- Poster of Gleich movie
- Directed by: Jeniffer Castañeda Garcia
- Written by: Jeniffer Castañeda Garcia
- Produced by: Jeniffer Castañeda Garcia
- Starring: Jose Luis De Madariaga Sergio Hernandez Aida Ballmann
- Edited by: Iombi Garcia
- Production company: Nostrana Films
- Release date: 10 November 2023;
- Running time: 73 minutes.
- Country: Spain
- Languages: Spanish, German
- Box office: 1014 $

= Gleich (2023 film) =

Gleich its a Spanish-German film starring Jose Luis de Madariaga, Aida Ballmann, Sergio Hernandez, Nieves Bravo, and Morad Azzaaoui. It was directed by Jennifer Castañeda and based on her own novel El sendero Bimbache and produced by the company Nostrana Films. The entire crew was from Tenerife, and the movie was shot in Tenerife and El Hierro.
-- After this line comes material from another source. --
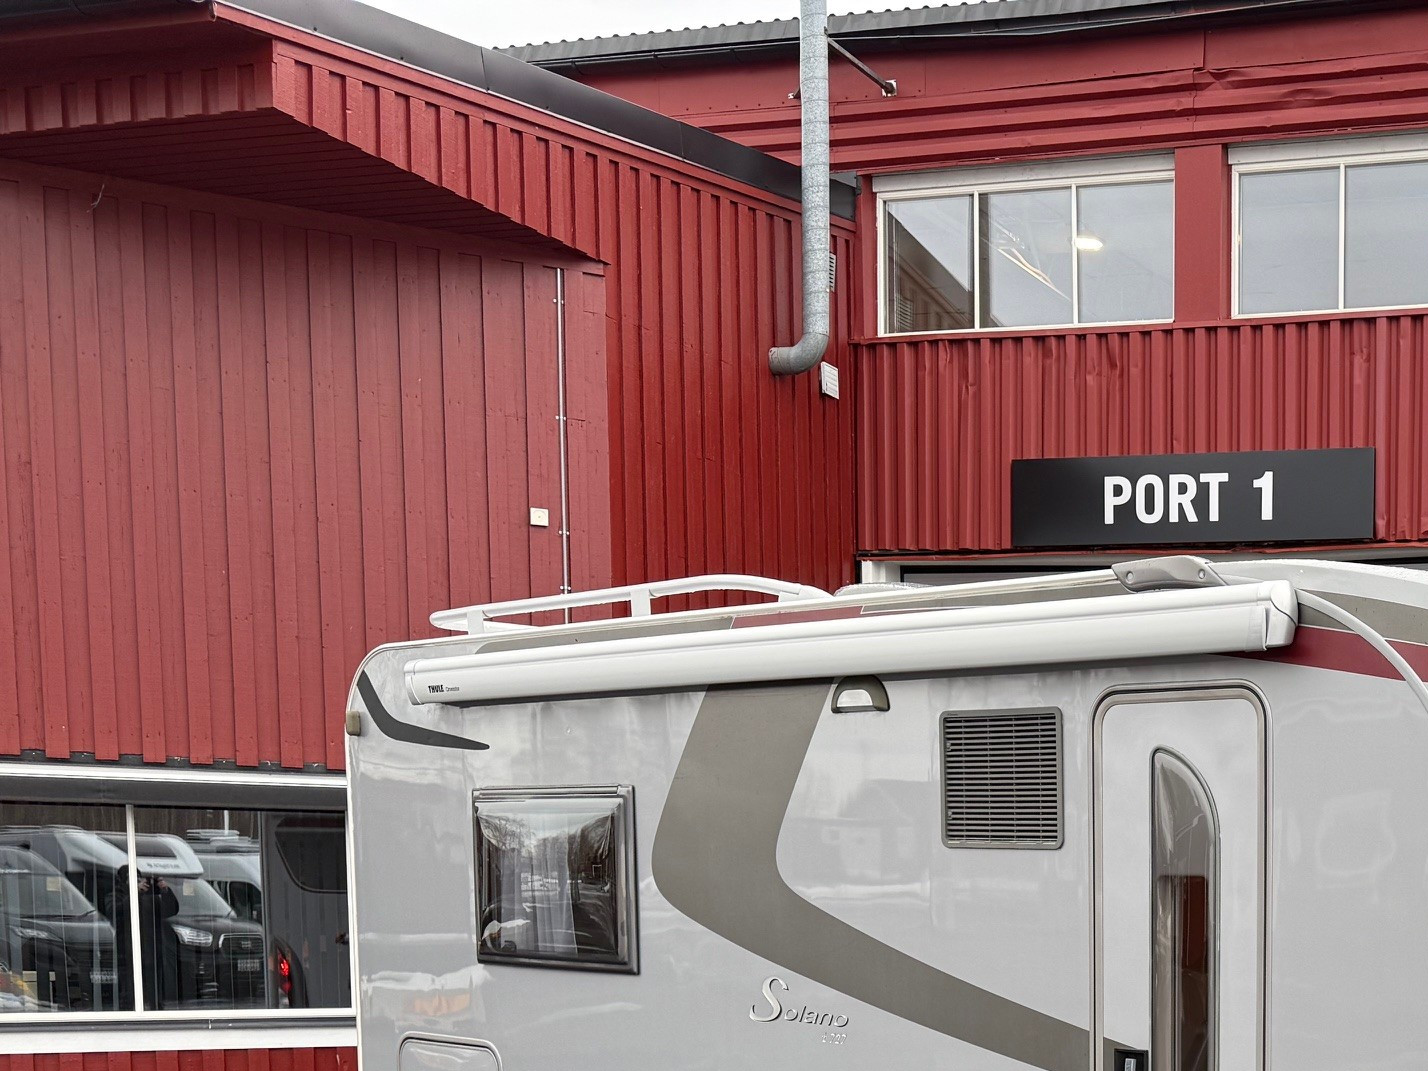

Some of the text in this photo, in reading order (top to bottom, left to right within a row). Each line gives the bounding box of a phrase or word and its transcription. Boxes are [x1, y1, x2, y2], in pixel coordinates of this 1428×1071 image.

[1103, 470, 1274, 525] PORT 1
[749, 976, 850, 1028] Solano
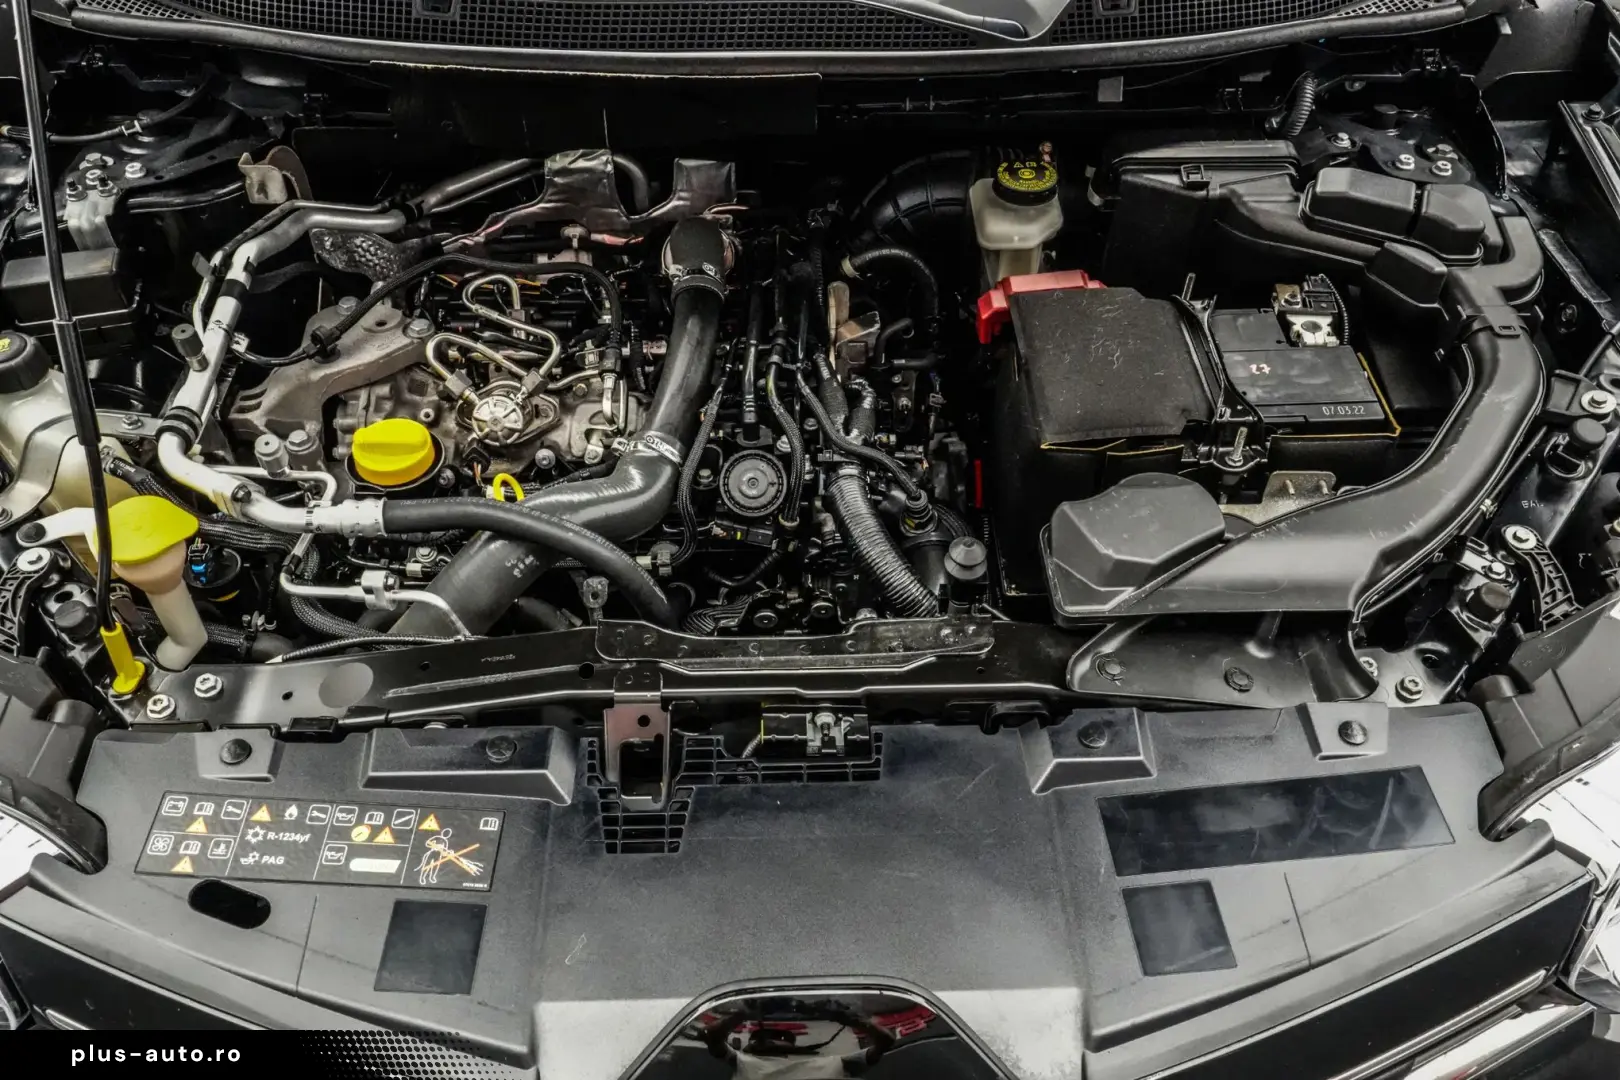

Gleich was released domestically on 10 November 2023 in Tenerife.

== Plot ==
Tell the history of a German Boy who has not spoken since the death of his mother. He spends a summer on the island El Hierro with his father and couple of friends, also German

== Principal Cast ==

- Sergio Hernandez as Kellen
- Aida Ballmann as Ebba
- Jose Luis Madariaga as Manuel
- Nieves Bravo
- Morad Azzoui as Alaric
- Francisco Alexander Almeida as adult Kellen

== Shooting ==
The shooting began 31 July, 2021 in Tenerife and moved to El Hierro on 2 August for at least three weeks.

== Production ==
The movie received funding from local authorities from El Hierro and Tenerife and the support of Valverde and San Cristobal de la laguna Counties. Additionally, local brands as Volkswagen Canarias support the film.

== Critics ==
According to the website De Cine, the movie has an interesting plot but the final result is not enough. FilmAffinity gave it a score of 5.6 out of 10, and praised the performances of Nieves Bravo and Jose Luis De Madariaga, but criticized the plot.

== Home Office ==
According Box Office Mojo, Gleich earned $1,058 in the first week of its release.